MRI scans are strong diagnostics with high-definition images of what lies inside a body. Strong magnetic fields require precaution, as brought out by an instance where a young woman suffered very serious injuries due to an oversight in a metallic core within a silicone sex toy that she happened to have before the MRI scan. This makes a stark reminder about the potentially deadly consequences of missing metal objects when such procedures are being performed. In April 2023, a 23-year-old woman went into an MRI with a silicone plug containing a metal core that was not known.

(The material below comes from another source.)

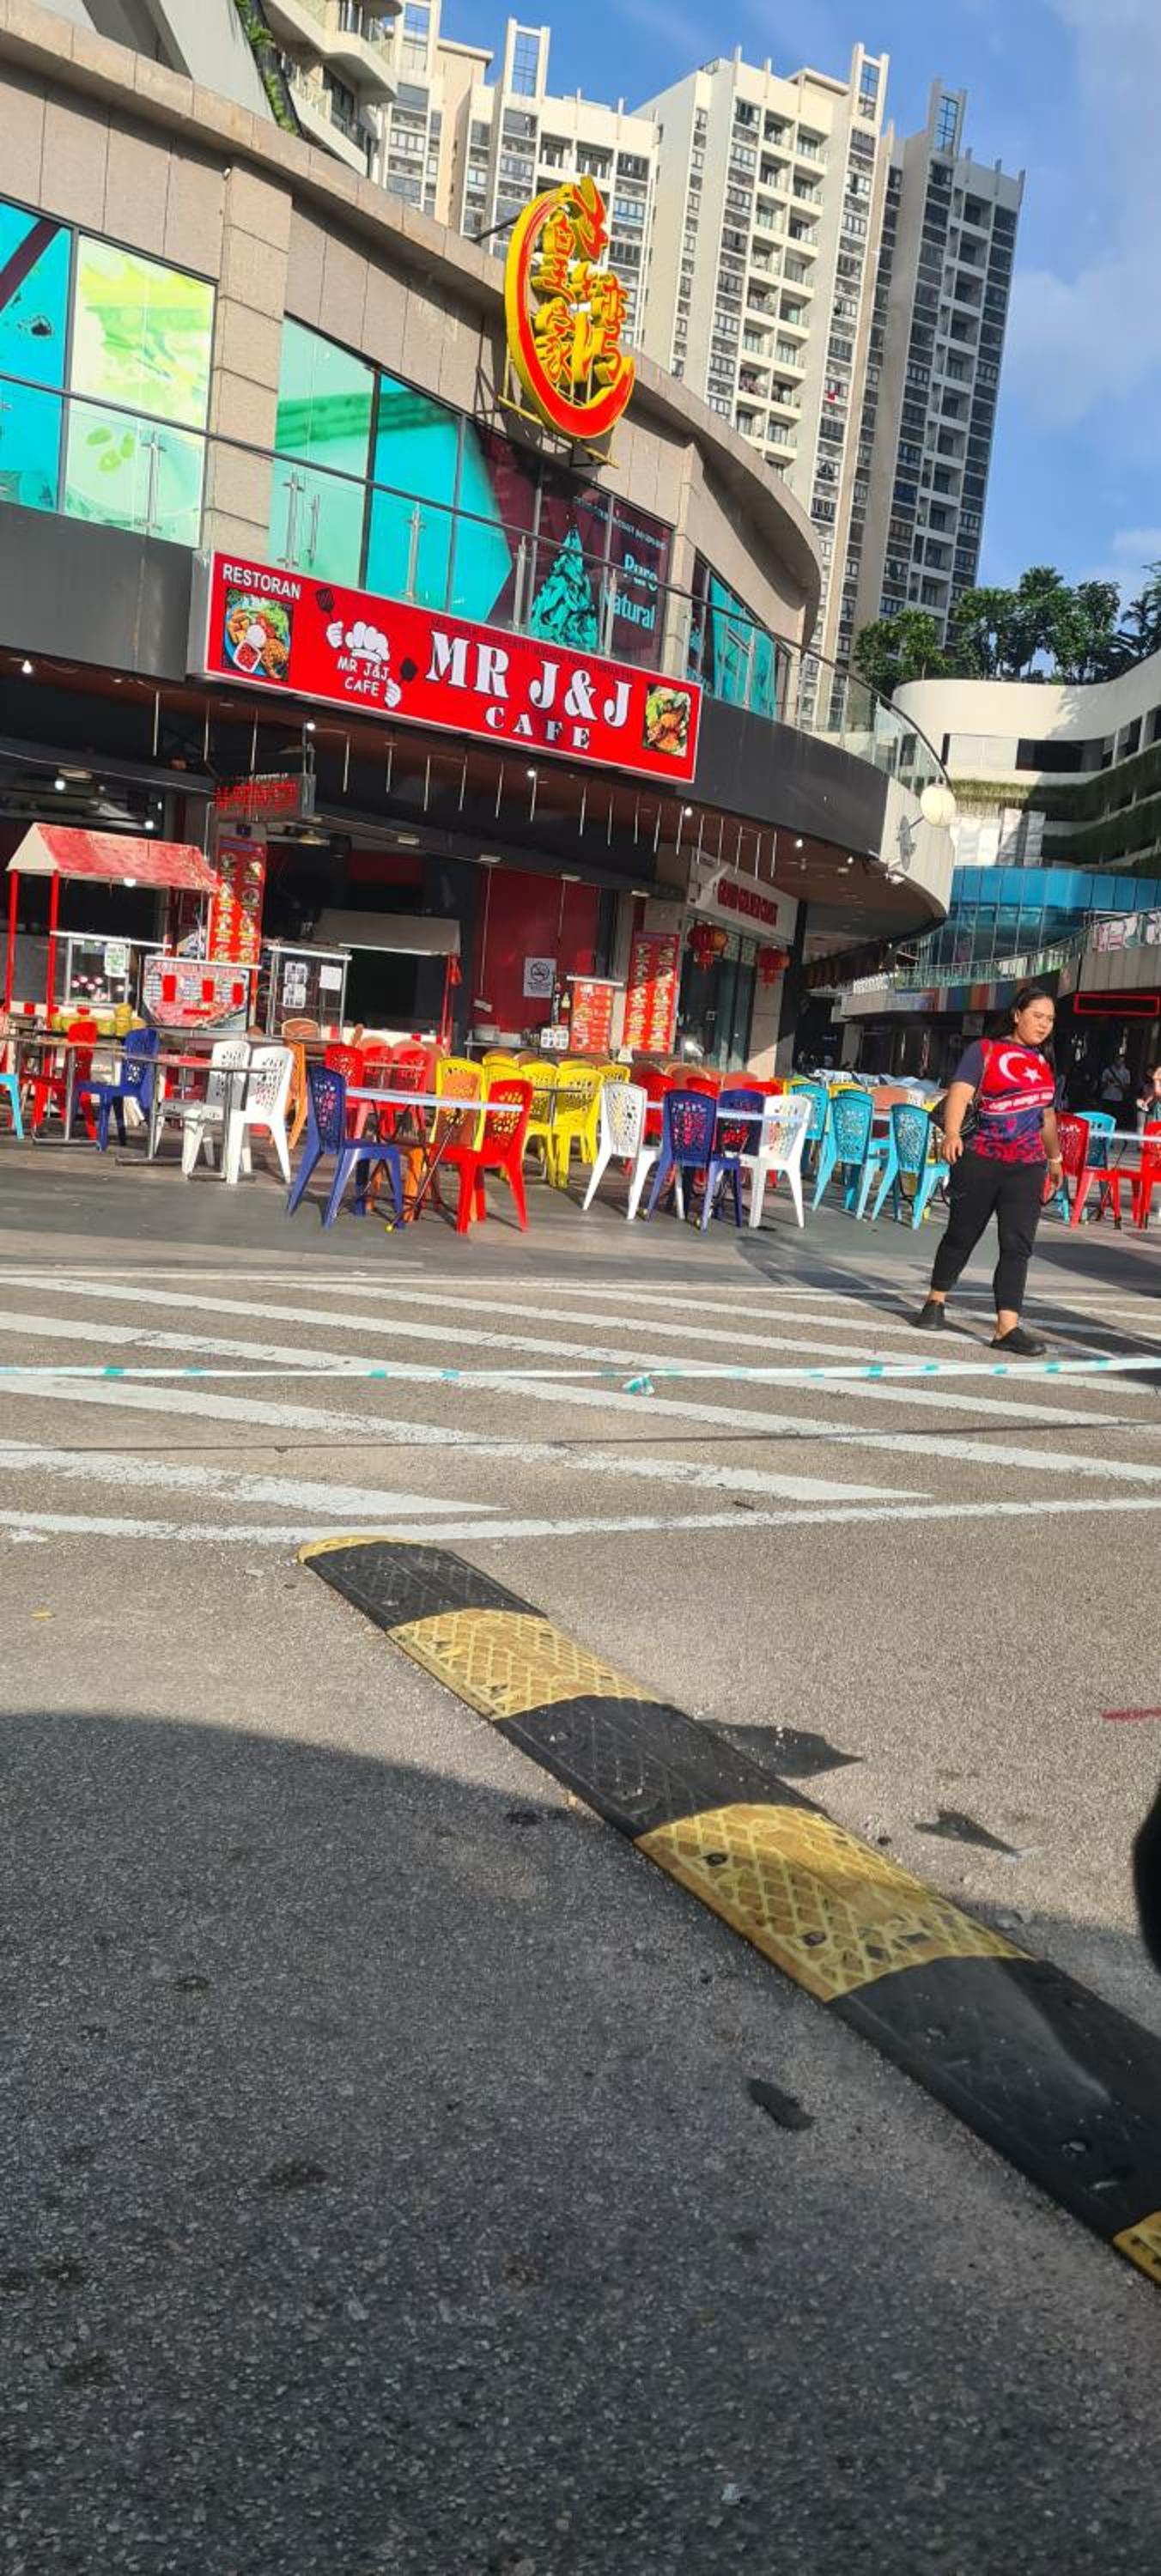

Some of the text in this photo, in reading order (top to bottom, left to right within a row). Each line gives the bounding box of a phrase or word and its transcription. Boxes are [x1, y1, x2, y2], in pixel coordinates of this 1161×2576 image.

She thought that the item is made entirely out of silicone according to the advertising. However, the strong magnetic field of the MRI machine interacted with the hidden metal, dragging the object through her body and causing excruciating pain. According to reports from the U.S. Food and Drug Administration (FDA), the scene was harrowing, with the woman screaming in agony and requiring immediate hospitalization. Despite pre-scan screenings, which are routine prior to a scan, the patient did not inform the facility that the object existed because he presumed it was purely non-metallic. This caused serious injuries that led to the patient's law suit against the manufacturer for deceitful misrepresentations of material content.
MRI machines employ magnets between 0.5 to 3 Tesla (T). This is thousands of times stronger than the Earth's magnetic field. The tremendous force causes ferromagnetic materials, like iron and nickel, to be magnetized quickly and become strongly attracted toward the magnet. Objects as small as hairpins or paper clips will accelerate at 40 miles per hour inside the magnetic field.
The force can lead to catastrophic injuries in items lodged within the body, such as metallic implants or foreign objects. Metallic cores within devices, like pacemakers or intrauterine devices, must be disclosed to radiologists to prevent such complications.
On these claims, Dr. Adam Taylor, a specialist in human anatomy, weighed his words in a international health website and added that the distance away and mass of this object would increase its velocity towards that of sound, "The acceleration would be phenomenal, but with a metallic core, it can't go anywhere near supersonic speeds. As for the size, the magnetic acceleration to the internal soft tissues would ensure that there could be severe intracranial trauma."
The injuries inflicted in this case likely involved damage to major blood vessels, nerves, or organs, highlighting the devastating impact of even minor oversight during an MRI scan.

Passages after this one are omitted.